Cancer survivor Rhys Greedy and his team conquer Mount Kilimanjaro to raise money for the Nambour Hospital Children's Ward.
Cancer survivor Rhys Greedy and his team conquer Mount Kilimanjaro to raise money for the Nambour Hospital Children's Ward. Contributed

Kili for the kids an emotional journey

TEARS streamed down Rhys Greedy’s face as he stared at the little faces of sick Coast kids 6000ft above sea level in Tanzania.

The youngsters of Nambour Hospital’s paediatric ward 2F West had been on the 28-year-old cancer survivor’s mind every step of his Kilimanjaro for the Kids quest.

A collage photo of their smiling faces was all the motivation Rhys needed to complete the challenge, which has raised almost $21,000 for the ward.

All six of the people who embarked on the adventure made it to the summit in just three days, an amazing feat given they were given a 75% chance of success by their Tanzanian guides.

The group reached the peak just as the sun was starting to break over the horizon at 6.30am on July 8.

“It was such an adrenaline rush,” Rhys said.

“But I had to duck away from the crowd to have an emotional moment to myself - a special moment on my own with the collage photo.

“I’ve lost count of how many times I choked up on the summit, the pinnacle of the entire campaign was having in mind the children all those thousands of kilometres away.”

Rhys paid tribute to the team who accompanied him, especially his sister Kate Greedy, who battled through “moderate to severe” altitude sickness to see the trek through.

The journey had a somewhat disastrous start, with flight cancellations eating into the 48-hour buffer Rhys had scheduled to overcome jet lag before they began the ascent.

“It was very stressful at the time, but we can laugh about it now,” he said.

“There was a lot of improvisation and we ended up on a flight from Kenya straight to Kilimanjaro to make up the time but once we had a sleep at the hotel and met up with the rest of the group, it was forgotten about.”

Day one of the trek had been “relativity easy” and Rhys said it has reminded him a lot of the Kokoda track as they walked through dense rainforest and jungle.

Day two saw them take on a barren desert landscape, while the third day - the toughest by far - took them through “Arctic” conditions.

“The physical aspect didn’t start hitting people until day three, when we reached 4700m.
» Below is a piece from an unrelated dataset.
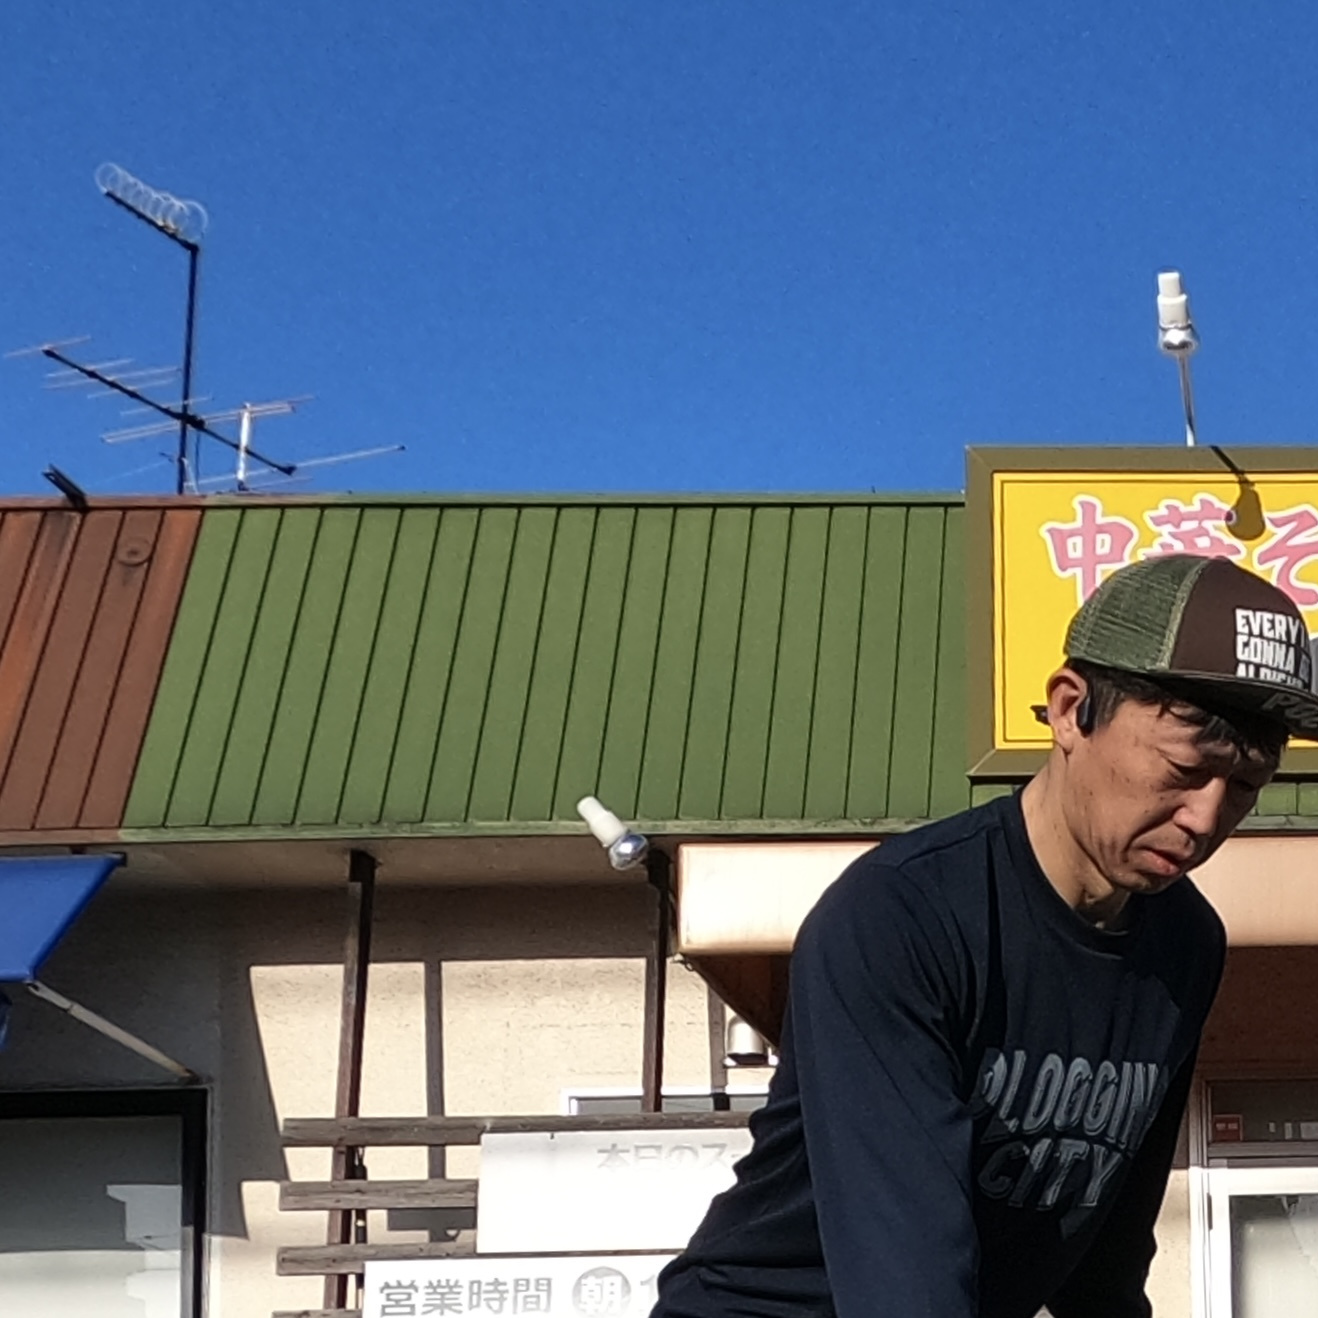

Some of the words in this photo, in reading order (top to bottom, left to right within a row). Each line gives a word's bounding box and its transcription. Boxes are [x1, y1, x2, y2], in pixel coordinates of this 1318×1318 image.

[1236, 634, 1296, 675] GONNA
[596, 1142, 742, 1170] 本日のス
[977, 1137, 1125, 1211] CITY
[378, 1277, 553, 1318] 営業時間
The elevation was really telling on people who hadn’t been in altitude before,” he said.

“We arrived at 3pm to base camp and we only had time to have a quick meal and rest up for a few hours and we were woken at 11pm and given an hour to get ready and took off in the cover of darkness.

“From there we had just our head lamps and one foot after the other and that’s when it becomes the most testing, mentally it was very tough.”

With the support of the community, Rhys smashed his original fundraising goal of $10,000 and those wanting to donate to enhance distraction therapy for the young patients can still do so.

Arriving back on the Coast at 2am on Monday morning, Rhys will visit the ward later in the week to present them with a framed photo of the group at the summit and spend some quality time with the little people that have touched his heart.

Visit to donate.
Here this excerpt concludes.